Workshop 1
Contact Arya Mazumdar for further details.- Title: Challenges in Distributed Learning and Optimization
- Date: April 8, 2021.
- Organizers: Arya Mazumdar (TRIPODS Institute and UCSD), Ananda Theertha Suresh (Google), and Gauri Joshi (CMU)
- Summary: In recent years, the computational paradigm for large-scale machine learning and data analytics has shifted to a massively large distributed system composed of individual computational nodes (e.g., ranges from GPUs to low-end commodity hardware). For example, modern large-scale distributed systems such as Apache Spark and computational primitives such as MapReduce have gained significant traction, enabling engineers to execute production-scale tasks on terabytes of data. A typical distributed optimization problem for training machine learning models has several considerations. The first of these is the convergence rate of the algorithm: after a number of iterations, how close are we to the optimum solution? While the convergence rate is a measure of efficiency in conventional systems, in today's distributed computing framework, the aspects of communication are at odds with the convergence rate.
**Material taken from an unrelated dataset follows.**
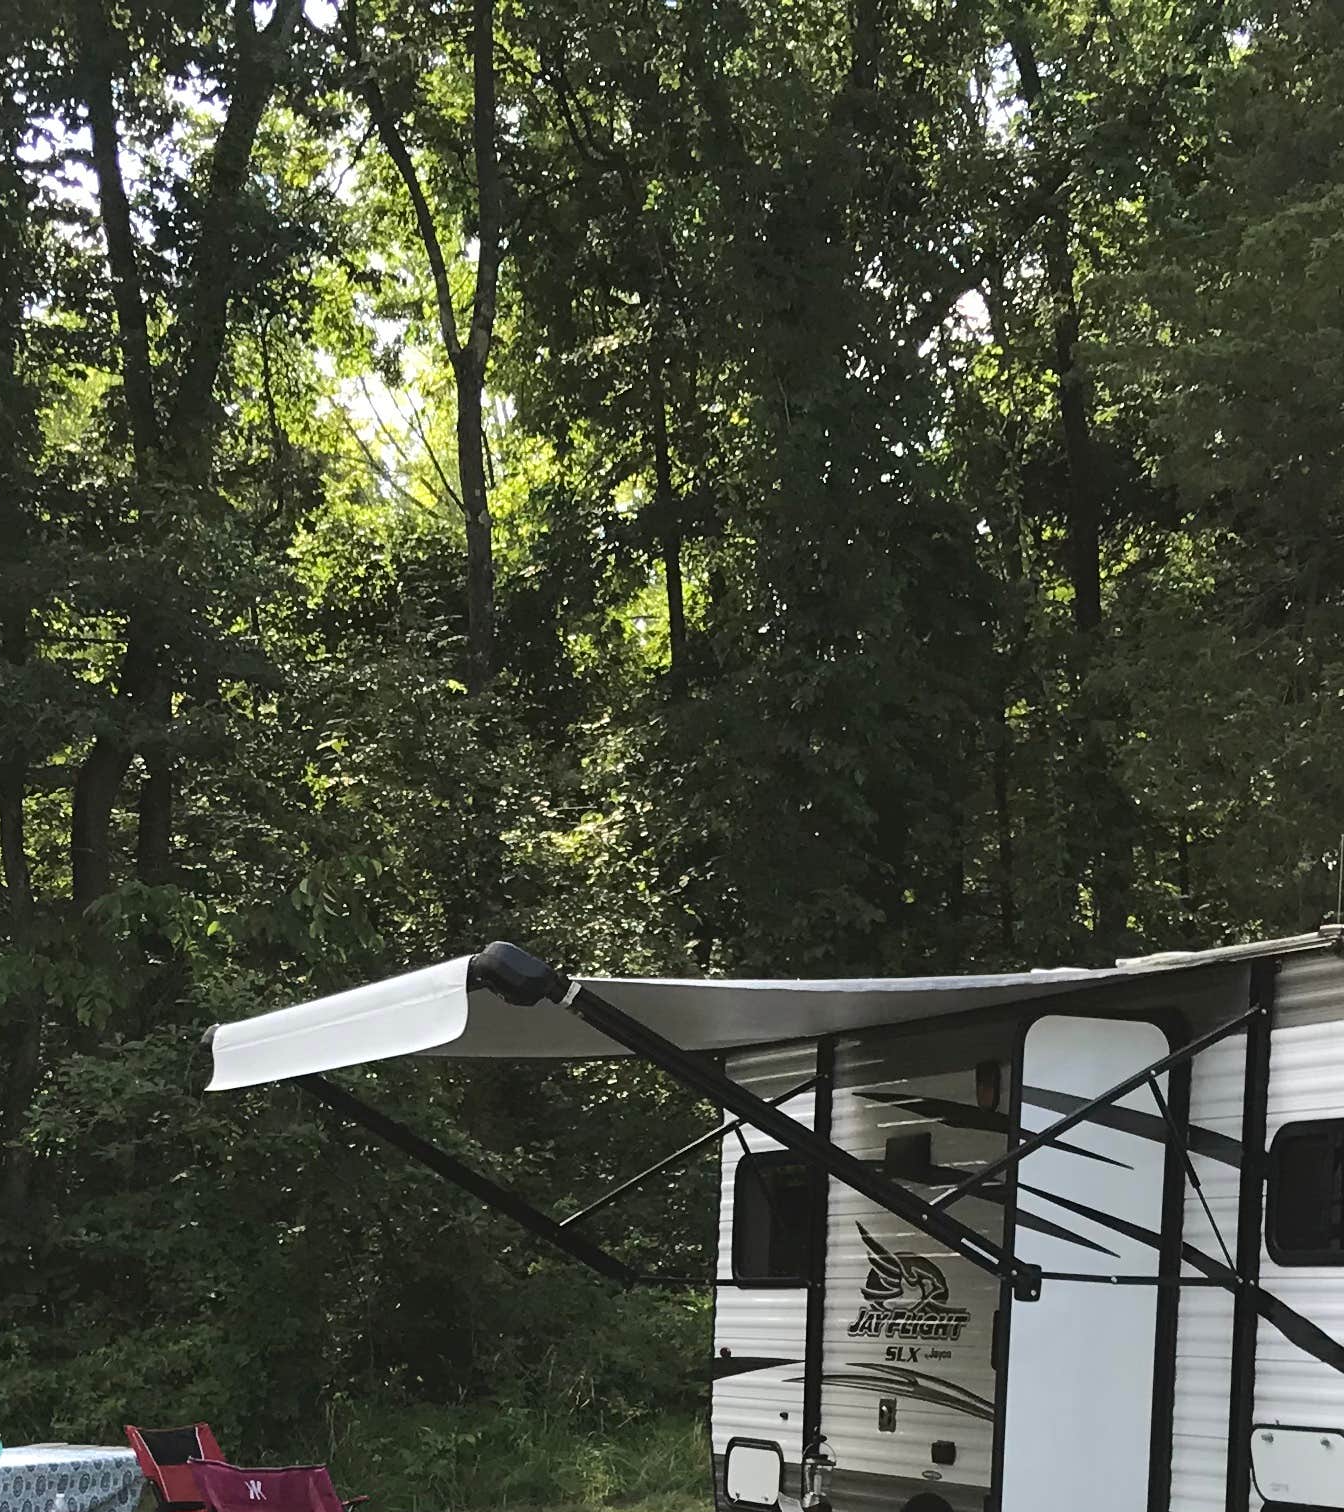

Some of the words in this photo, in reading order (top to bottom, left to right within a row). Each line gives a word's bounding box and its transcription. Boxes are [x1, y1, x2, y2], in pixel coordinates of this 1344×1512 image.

Even though the ML algorithms are highly scalable, with high dimensionality of data and increasing number of servers (such as in a Federated learning setup), communication becomes a bottleneck to the efficiency and speed of the learning. In recent years various quantization and sparsification techniques have been developed to alleviate the problem of communication bottleneck. The goal of this workshop is to bring these ideas together.